Personal information
- Full name: Tim Regan
- Date of birth: June 27, 1981 (age 45)
- Place of birth: Orland Hills, Illinois, U.S.
- Height: 6 ft 1 in (1.85 m)
- Position: Defender

College career
- Years: Team / Apps / (Gls)
- 1999–2002: Bradley

Senior career*
- Years: Team / Apps / (Gls)
- 2001–2002: Chicago Fire Premier
- 2003–2005: MetroStars / 47 / (0)
- 2006: Chivas USA / 30 / (0)
- 2007: New York Red Bulls / 3 / (0)
- 2008: Toronto FC / 1 / (0)

Managerial career
- 2014–2015: Indy Eleven (assistant)
- 2015: Indy Eleven (interim)
- 2018–2023: Bradley Braves (assistant)
- 2024–: Bradley Braves

= Tim Regan =

American soccer player and coach

Tim Regan (born June 27, 1981) is an American former soccer defender, and coach who currently is the head coach for the Bradley Braves men's soccer program.

==College==
Regan played college soccer at Bradley University from 1999 to 2002, where he established himself as one of the best players in the program's history. After starting 20 games as a freshman, Regan was named second-team All-Missouri Valley Conference as a sophomore, after registering two goals and two assists from a defensive midfield position. Regan was moved to defense as a junior, and proved more than up to the task - he finished the year as a first-team All-MVC winner, and the team's co-MVP with Gavin Glinton. Regan remained at defense as a senior and performed even better, winning MVC Defensive Player of the Year while being instrumental in the team posting a 0.81 goals against average.

==Professional==
Upon graduating, Regan was selected 17th overall in the 2003 MLS SuperDraft by MetroStars of Major League Soccer. Regan was versatile, but not overly impressive in MLS. As a rookie, he appeared in 15 games, starting seven, at numerous positions in the defense and midfield. Regan received less playing time in 2004, playing in just 12 games. His hard work was rewarded with an expanded role in 2005, as he started 18 out of 20 matches. However, on March 1, 2006, Regan was released by MetroStars. One month later he was signed by his former Metro coach Bob Bradley at Chivas USA where he became a surprise starter.
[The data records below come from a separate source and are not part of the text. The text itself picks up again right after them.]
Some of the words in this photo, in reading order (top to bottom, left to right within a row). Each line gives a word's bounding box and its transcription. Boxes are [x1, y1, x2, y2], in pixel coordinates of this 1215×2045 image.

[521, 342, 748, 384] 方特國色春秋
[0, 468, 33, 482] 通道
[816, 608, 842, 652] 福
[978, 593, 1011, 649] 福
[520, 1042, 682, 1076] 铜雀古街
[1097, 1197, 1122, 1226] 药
After the 2006 season, Regan was picked up by Toronto FC in the 2006 MLS Expansion Draft, but later traded to New York Red Bulls (the former MetroStars) for forward Edson Buddle. He was waived by New York during the 2007 season.
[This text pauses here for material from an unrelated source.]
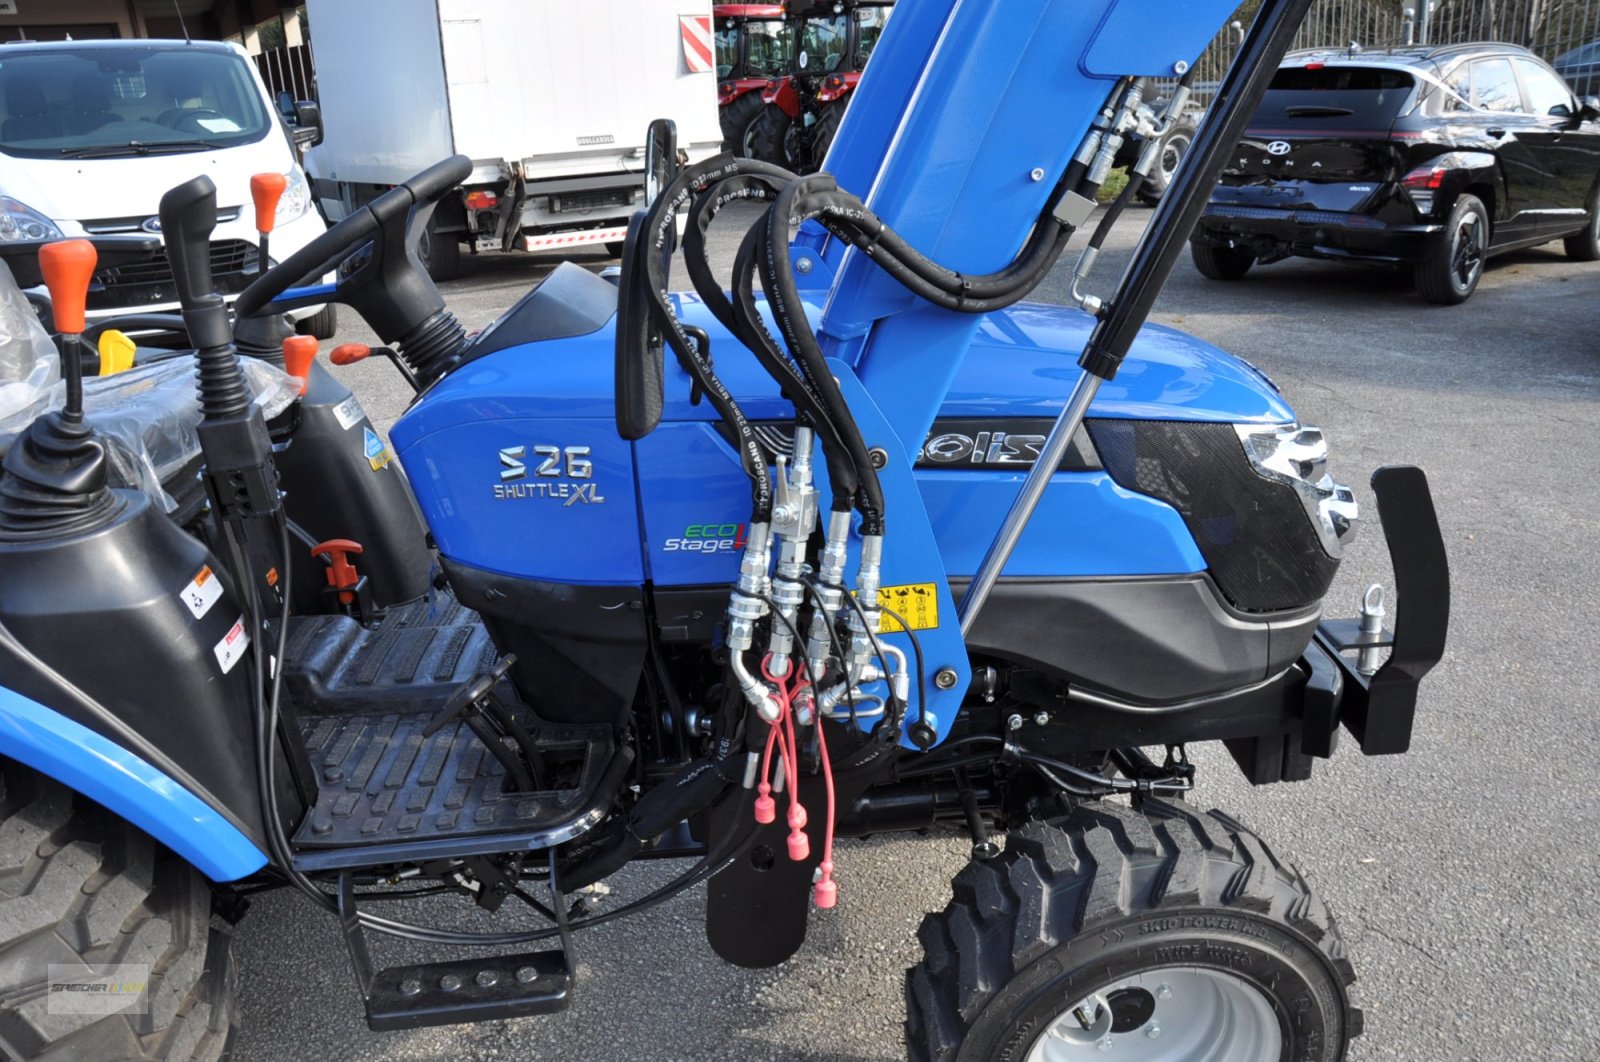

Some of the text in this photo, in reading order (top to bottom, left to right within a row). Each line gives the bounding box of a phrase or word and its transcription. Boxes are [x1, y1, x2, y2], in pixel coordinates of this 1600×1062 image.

[1240, 158, 1322, 167] KONA
[916, 431, 1046, 463] olis
[684, 523, 736, 538] ECO
[663, 538, 734, 554] Stage
In the spring of 2008, Regan trained with Chicago Fire and appeared in a preseason games for his hometown club, but was not offered a contract. Later that season, he would, however, sign a 'one-day contract' with Toronto FC — who were missing nine players to international duty — in order to play in a game against his former club, Chivas USA. Regan eventually signed a deal with Toronto that kept him at the club until the end of the season. He retired following the 2008 season to become Toronto's head of scouting.
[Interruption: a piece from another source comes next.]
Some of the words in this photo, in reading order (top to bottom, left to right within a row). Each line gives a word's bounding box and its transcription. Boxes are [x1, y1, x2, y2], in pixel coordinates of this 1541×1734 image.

He is also a "Soccer Operations & Scouting" instructor for the online sports career training school, Sports Management Worldwide, in Portland, OR.

==Coaching career==
On November 11, 2013, Regan was named as assistant coach for Indy Eleven of the NASL. On June 2, 2015, Regan was named Indy's interim head coach, following the dismissal of Juergen Sommer.

Regan served as is an assistant coach for his alma mater, Bradley, under the Braves' head coach, Jim DeRose from 2018 until 2023. He also became the head coach of USL League Two expansion club Peoria City in 2020. In 2023, Regan became the head coach at Bradley replacing the retiring DeRose.